> **Description of the task**
All of the records below must be reproduced exactly, minus any pictures.

> **Referring expression grounding data**

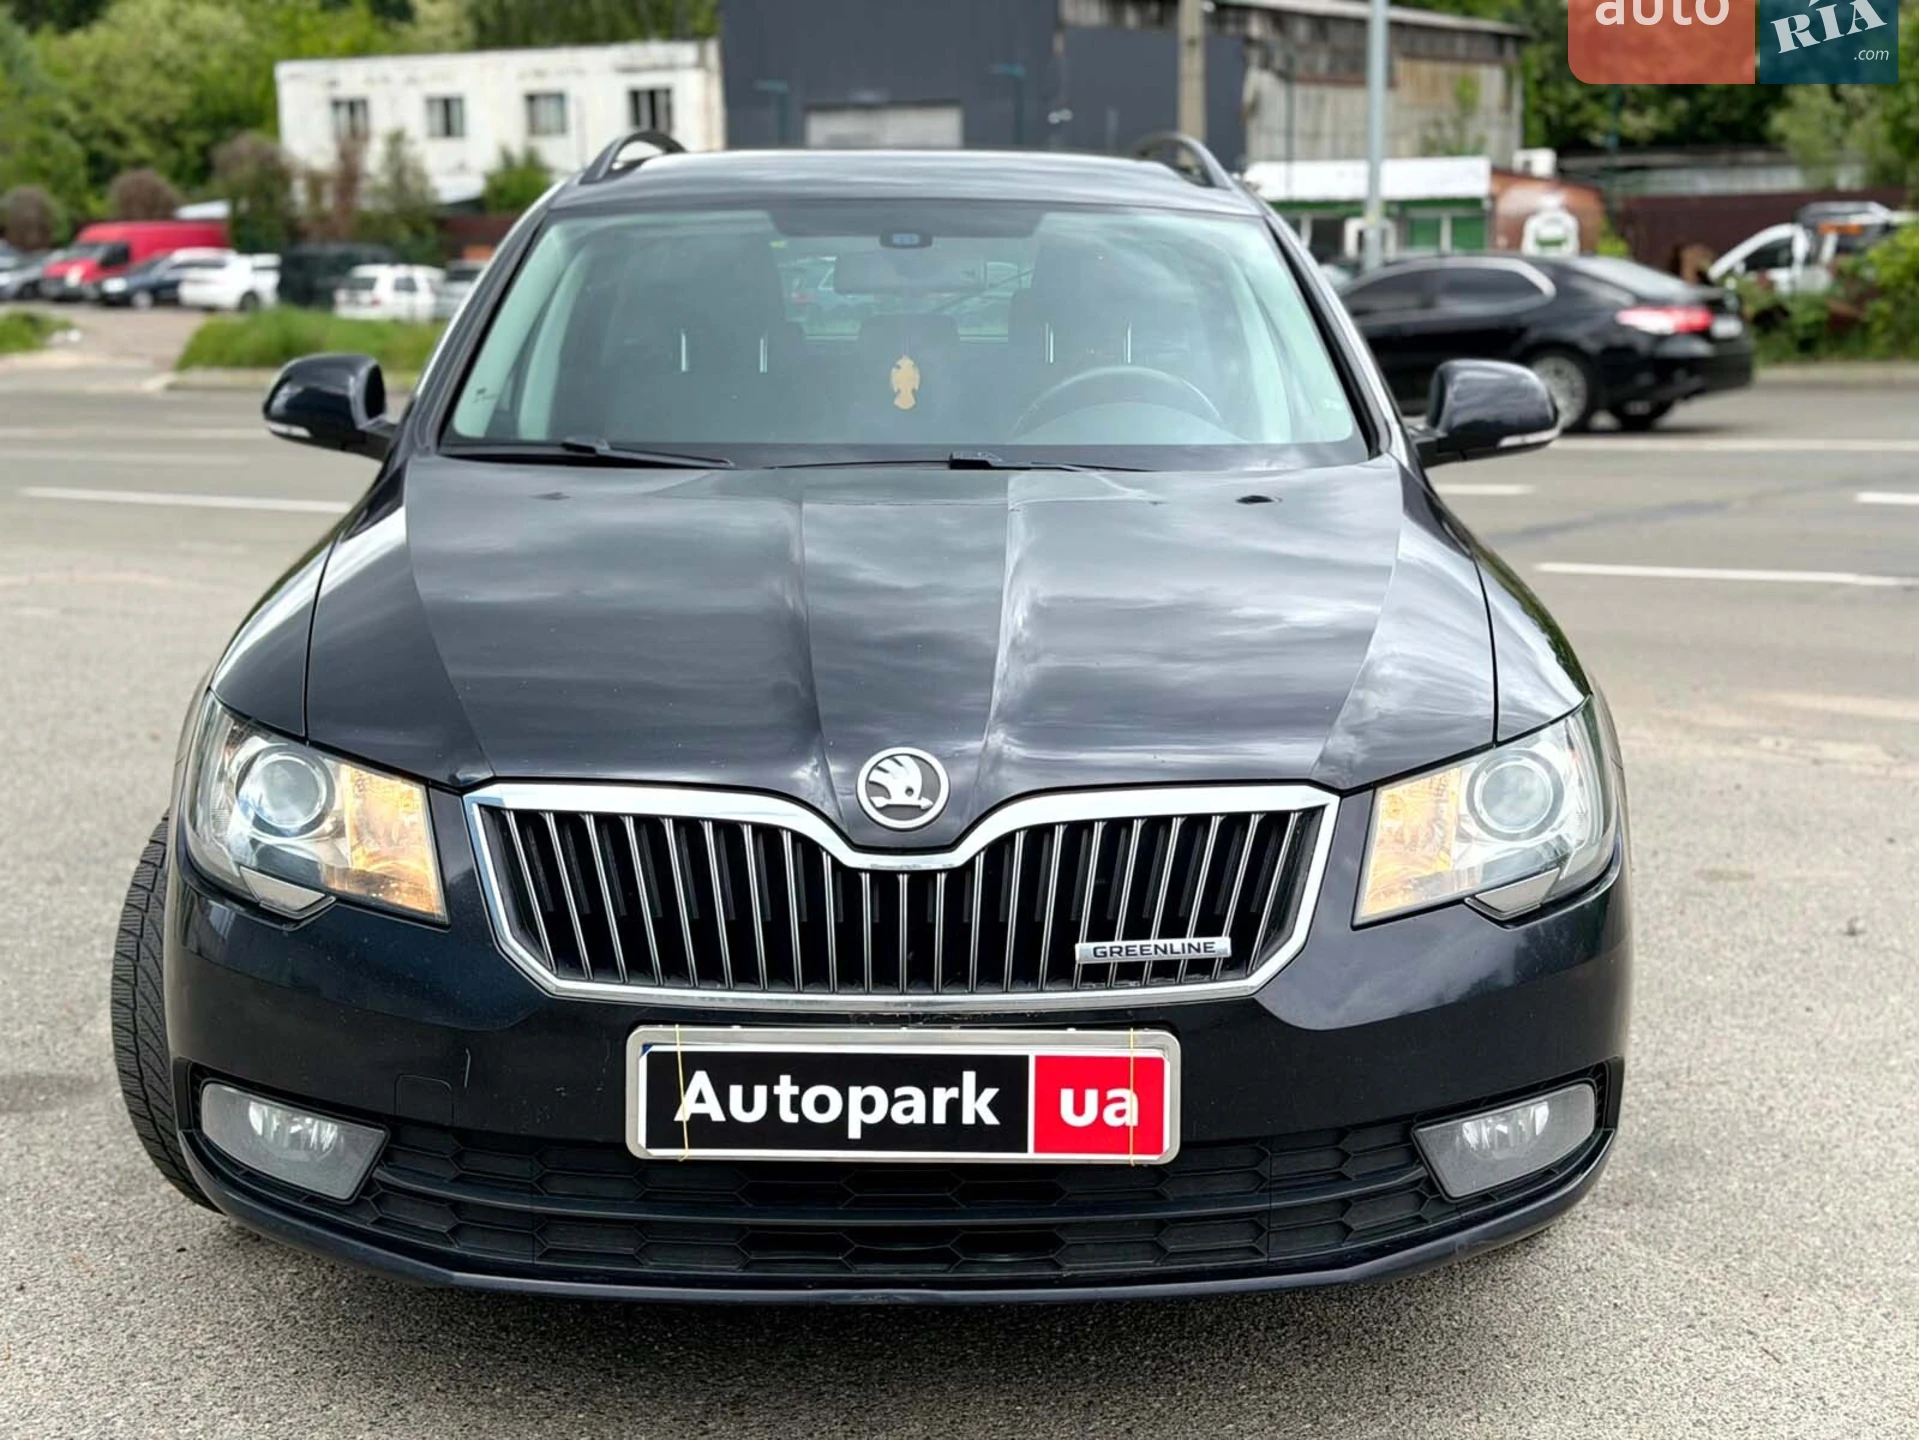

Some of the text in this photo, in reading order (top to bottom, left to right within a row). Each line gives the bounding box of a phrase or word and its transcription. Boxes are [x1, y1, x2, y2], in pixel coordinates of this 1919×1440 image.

[1093, 941, 1216, 958] GREENLINE
[674, 1070, 1139, 1139] Autopark ua
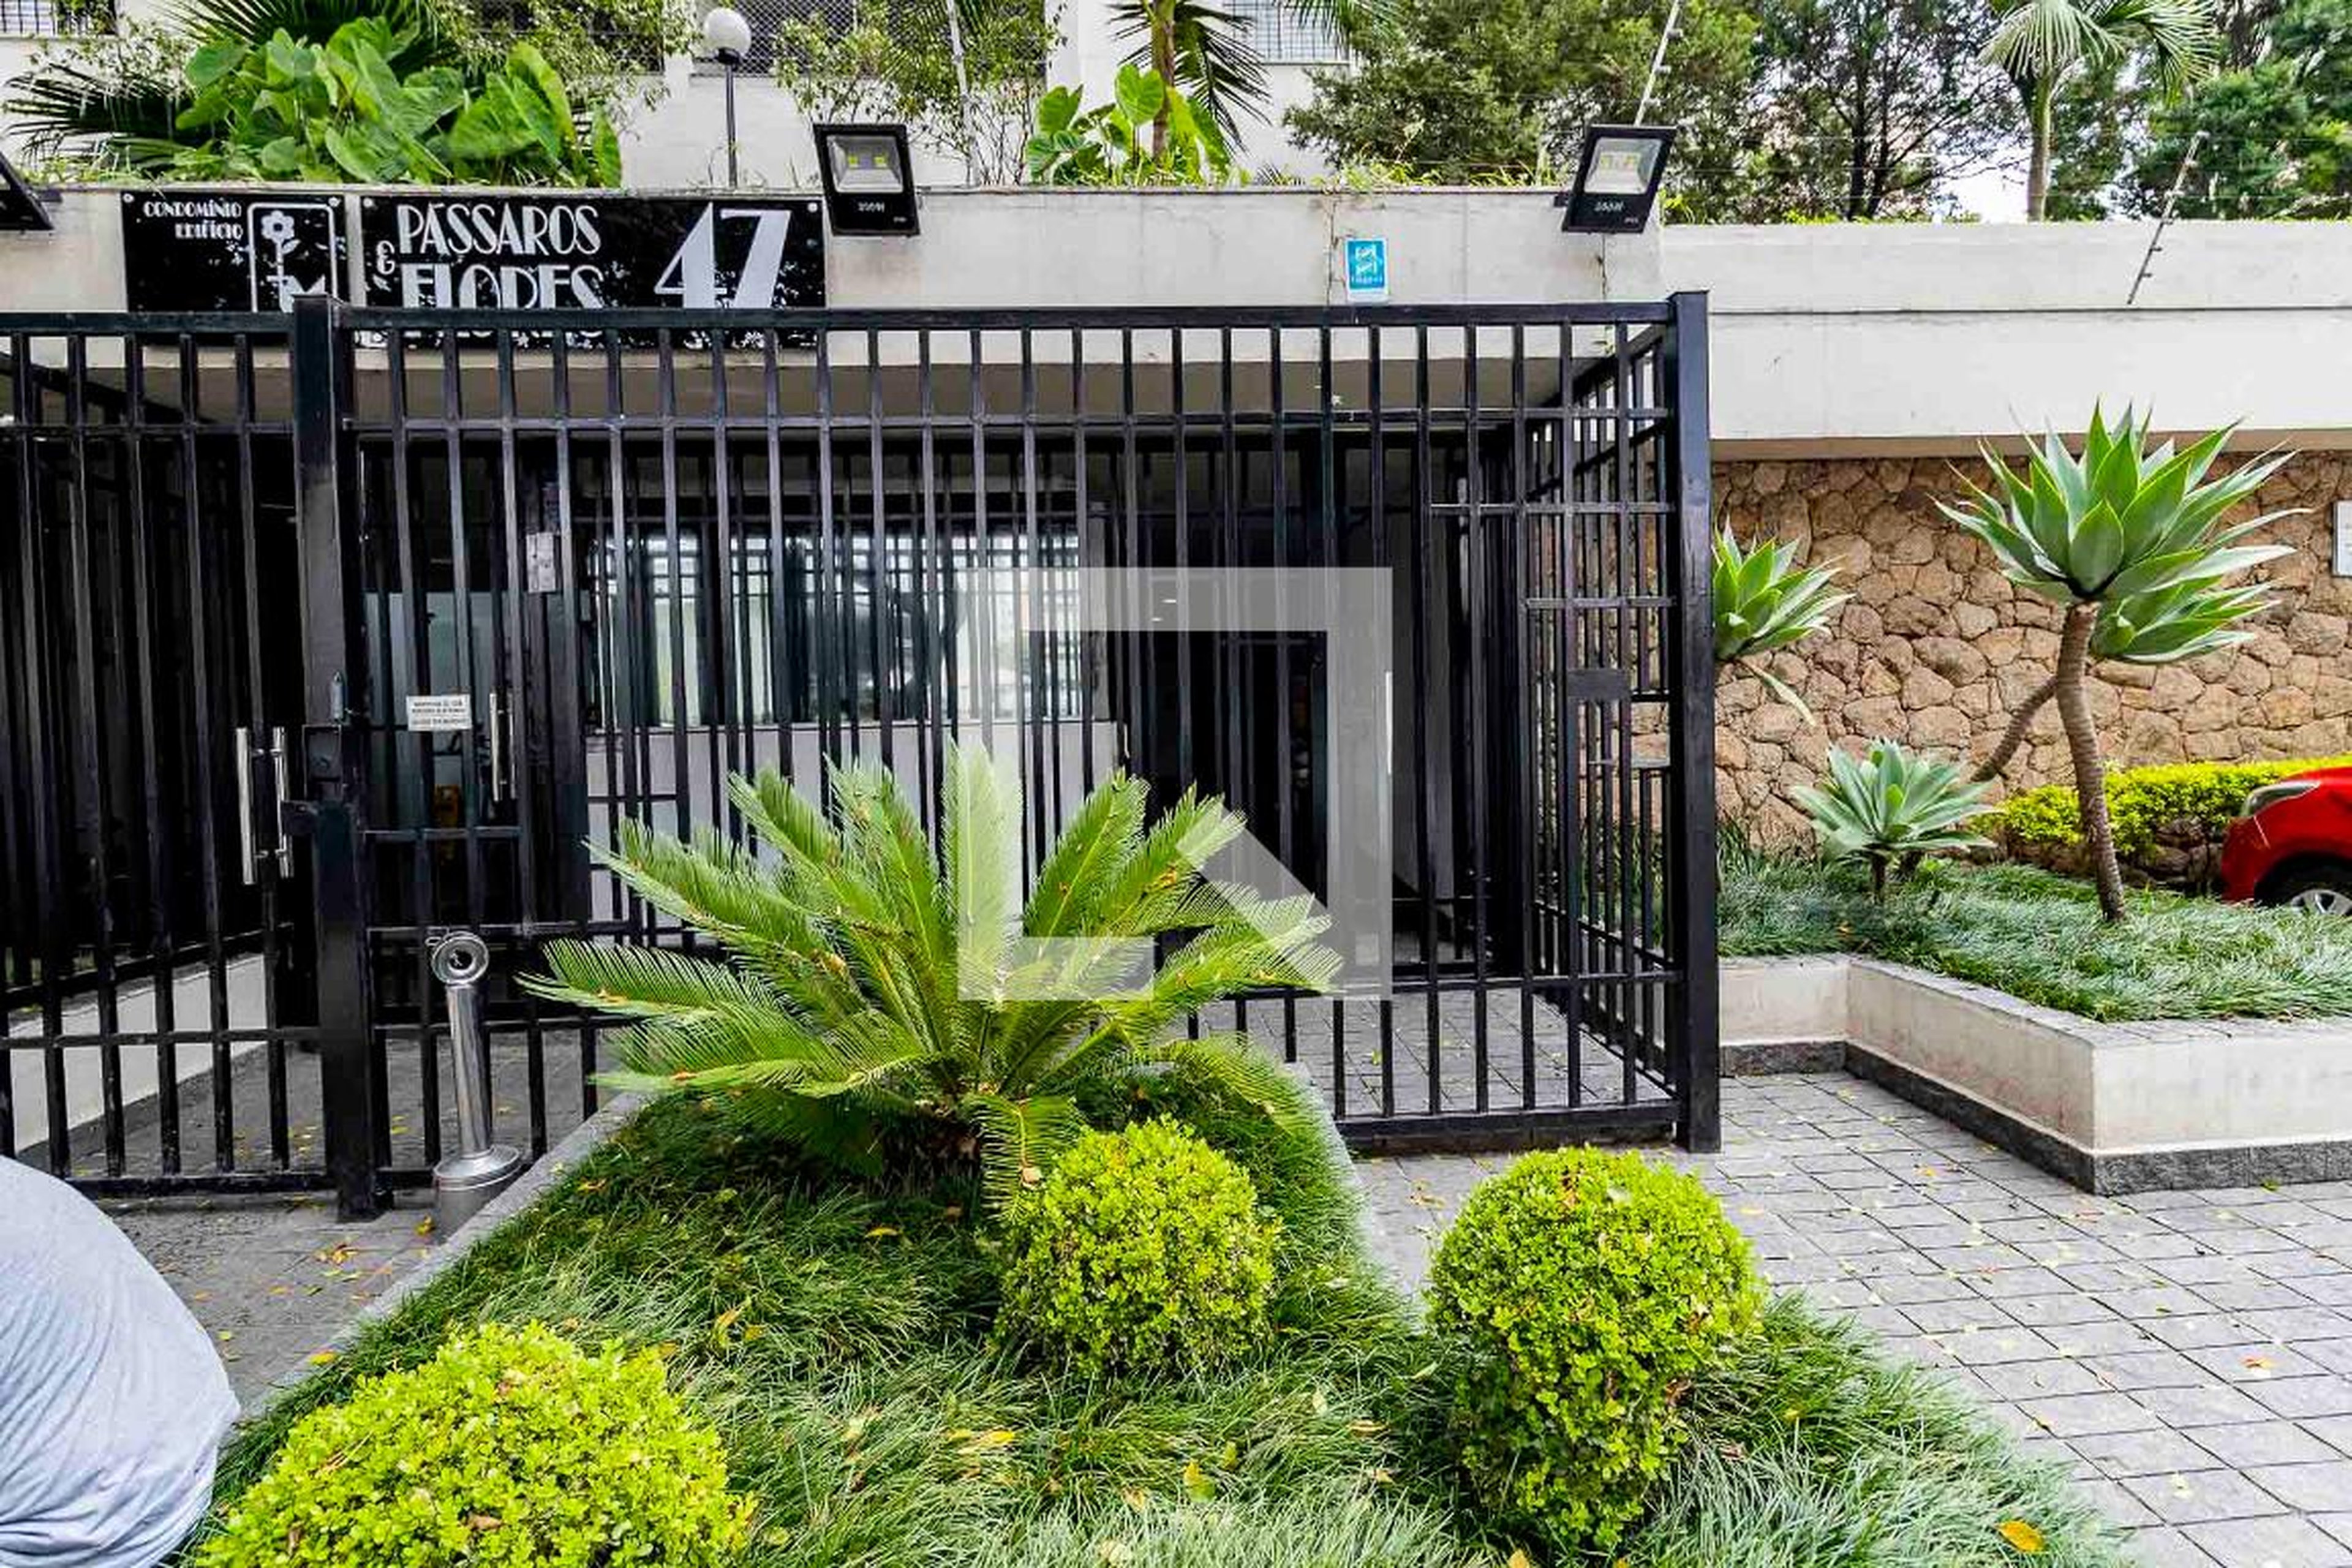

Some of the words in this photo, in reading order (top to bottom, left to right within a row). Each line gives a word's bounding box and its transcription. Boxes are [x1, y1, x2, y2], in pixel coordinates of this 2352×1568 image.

[143, 200, 242, 217] CONDOMÍNIO
[397, 203, 602, 255] PÁSSAROS
[654, 202, 791, 309] 47

> **Solution**
Some of the text in this photo, in reading order (top to bottom, left to right within a row). Each line gives the bounding box of a phrase or word and its transcription. Boxes are [x1, y1, x2, y2], in pixel coordinates of this 1919×1440 image.

[1093, 941, 1216, 958] GREENLINE
[674, 1070, 1139, 1139] Autopark ua

Some of the words in this photo, in reading order (top to bottom, left to right within a row). Each line gives a word's bounding box and its transcription. Boxes are [x1, y1, x2, y2], in pixel coordinates of this 2352×1568 image.

[143, 200, 242, 217] CONDOMÍNIO
[397, 203, 602, 255] PÁSSAROS
[654, 202, 791, 309] 47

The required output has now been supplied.